Stereospecific synthesis of a chiral intermediate for the preparation of thienamycin, penems, and carbapenems: use of the nitro group as a hydroxy protecting group

Abstract

Atotal stereo- and enantio-controlled synthesis of (3S,4R)-4-acetoxy-3-[(R)-1-hydroxyethyl]azetidin-2-one (1) from ethyl (S)-3-hydroxybutyrate is reported. A simple method of inversion and concomitant protection of the hydroxy function in the side chain is achieved. The synthesis starts with the conversion of ethyl (S)-3-hydroxybutyrate into the azetidinone derivatives (4) and (5)via a stereospecific imine-ester enolate cycloaddition.
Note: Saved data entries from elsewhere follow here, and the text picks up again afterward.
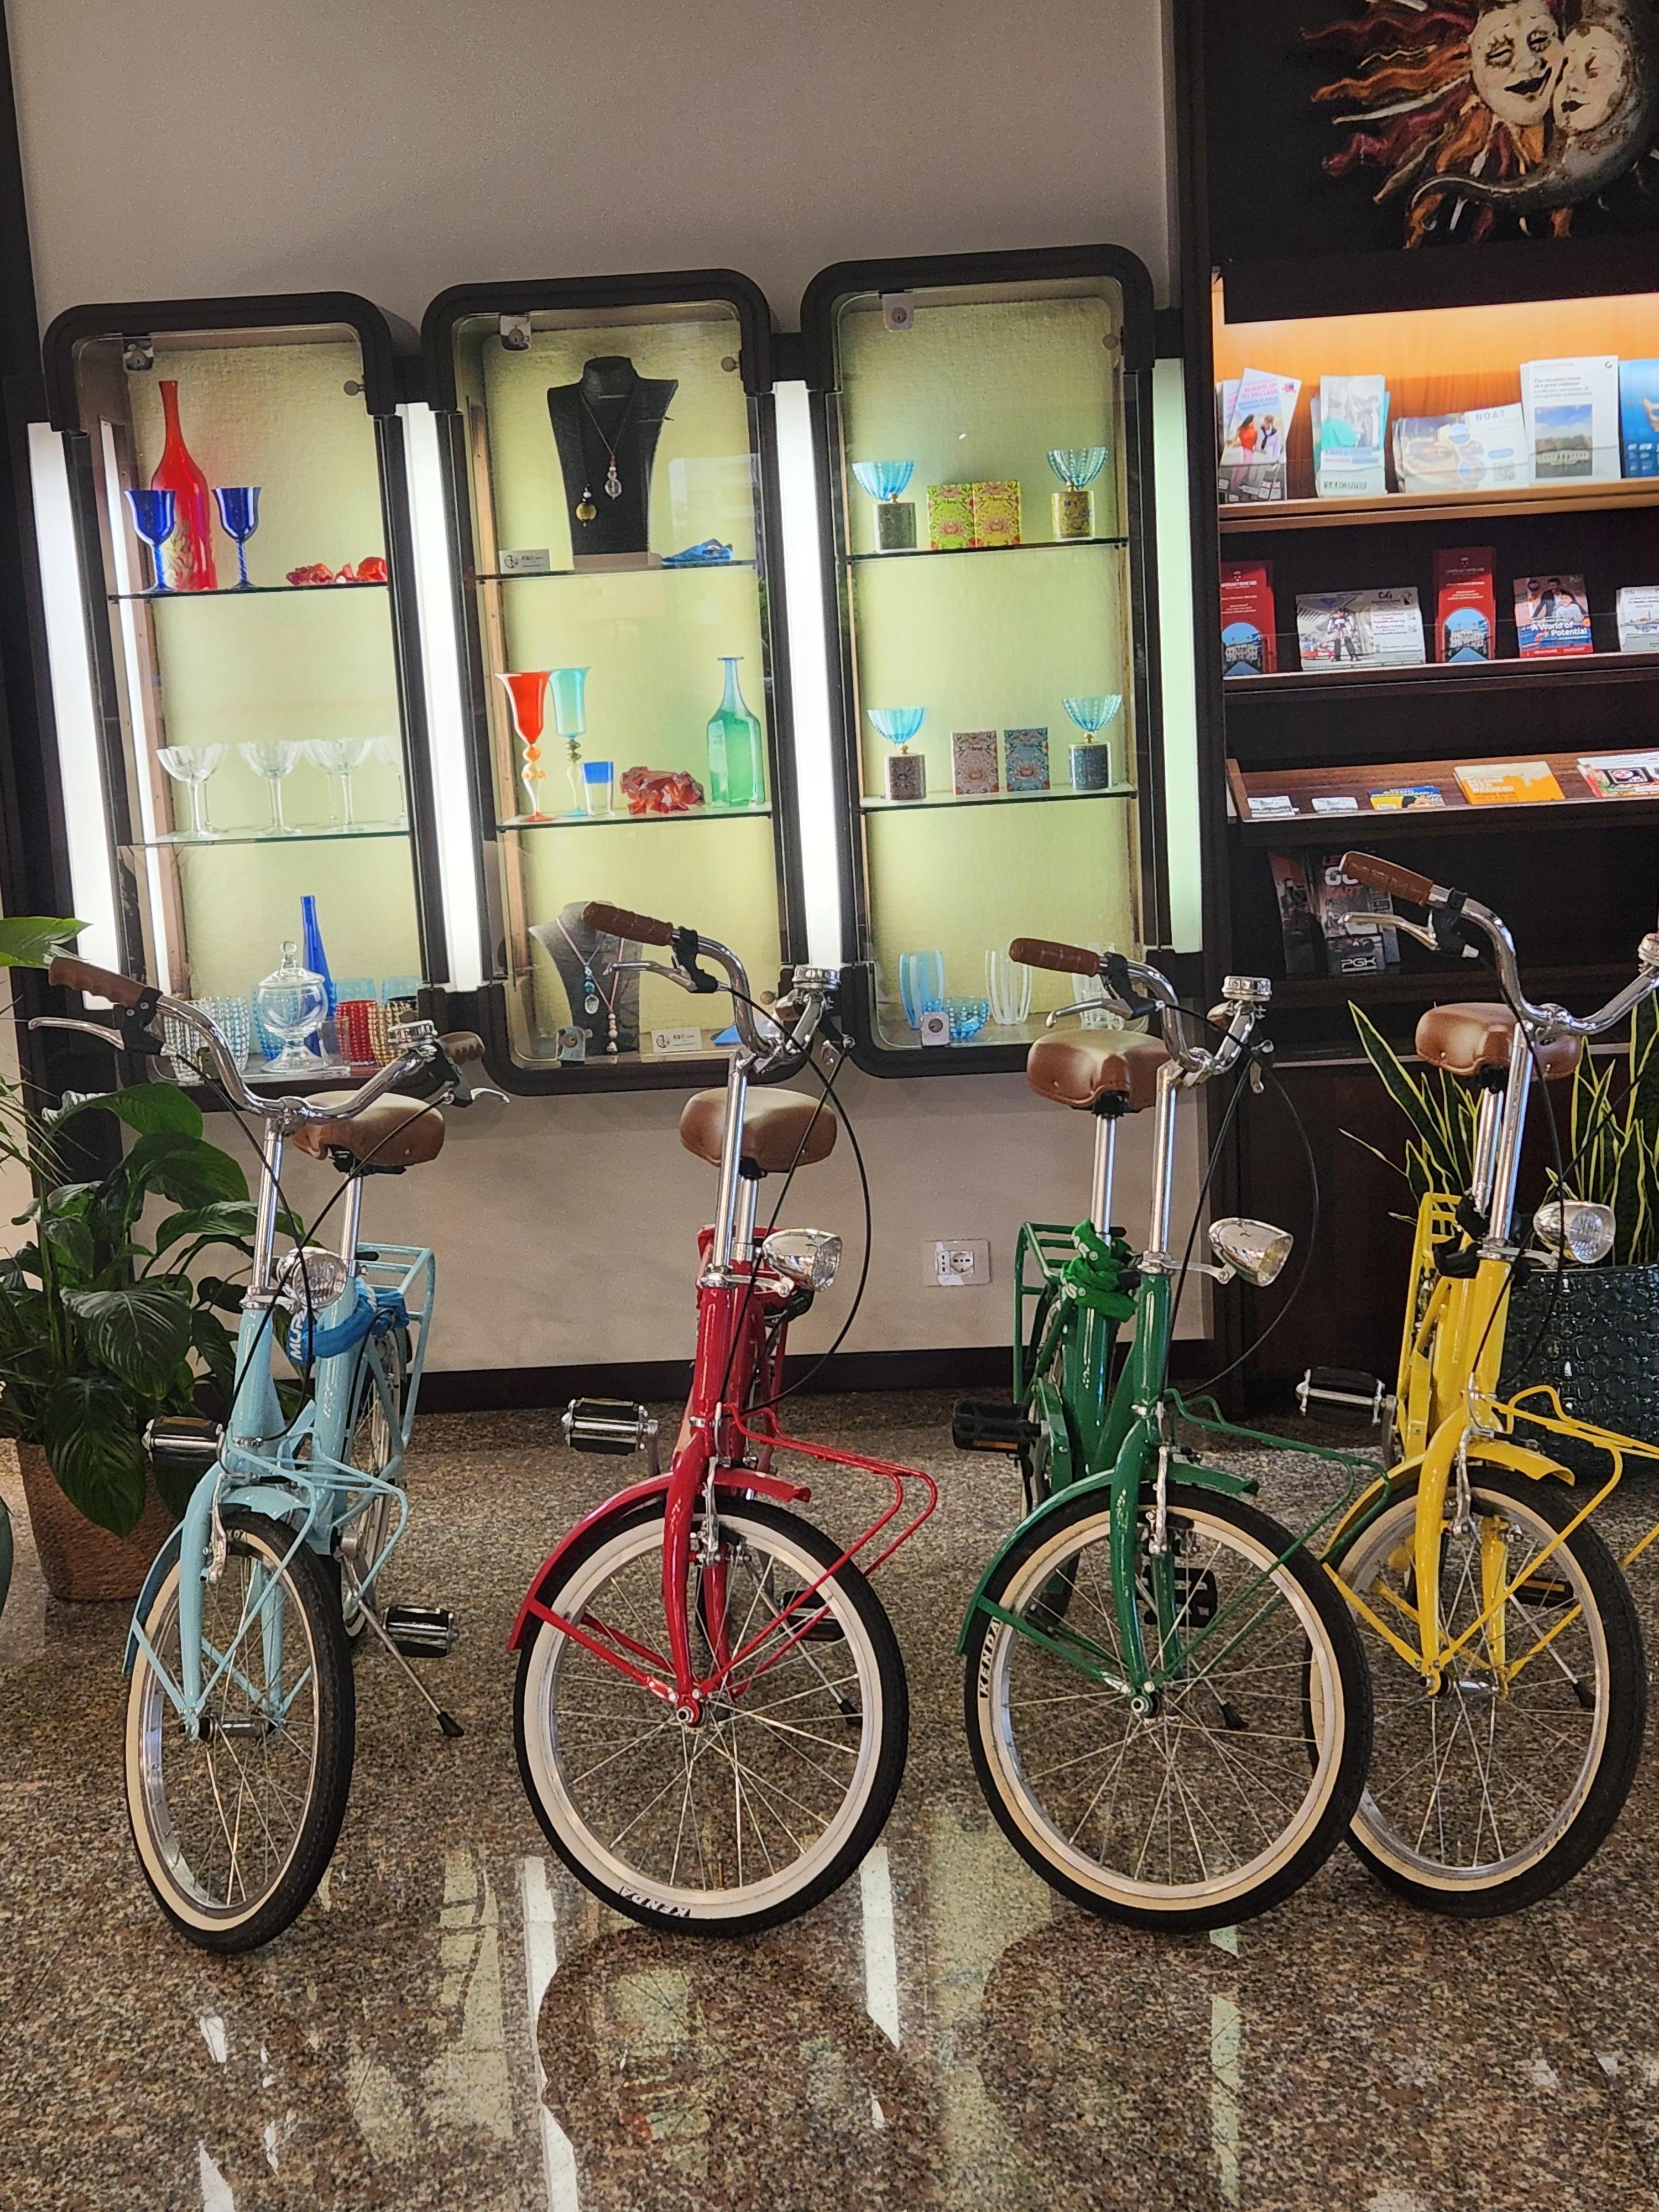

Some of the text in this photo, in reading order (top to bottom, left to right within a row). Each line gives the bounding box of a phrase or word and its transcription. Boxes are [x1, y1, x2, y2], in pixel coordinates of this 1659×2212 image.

[1475, 410, 1505, 421] BOAT
[1531, 620, 1574, 632] A World of
[1551, 627, 1588, 637] Potential
[1340, 956, 1377, 969] PGK
[979, 1619, 1001, 1698] KENDA
[619, 1885, 691, 1918] KENDA
The resulting azetidinones, with unnatural configuration at C-l′ of the ethyl group were converted into the mesylates (8) and (9); these were further elaborated into the nitrate esters (10) and (11) with the natural configuration at C-1′. Sequential treatments of these compounds, with ozone, Jones' reagent, lead tetra-acetate, and cerium ammonium nitrate afforded as a sole product, in 24.8% overall yield, the chiral azetidinone (17). Finally, smooth removal of the nitric protecting group of the hydroxy function afforded, quantitatively, the azetidinone (1), a key intermediate for the preparation of thienamycin and its biologically active analogues.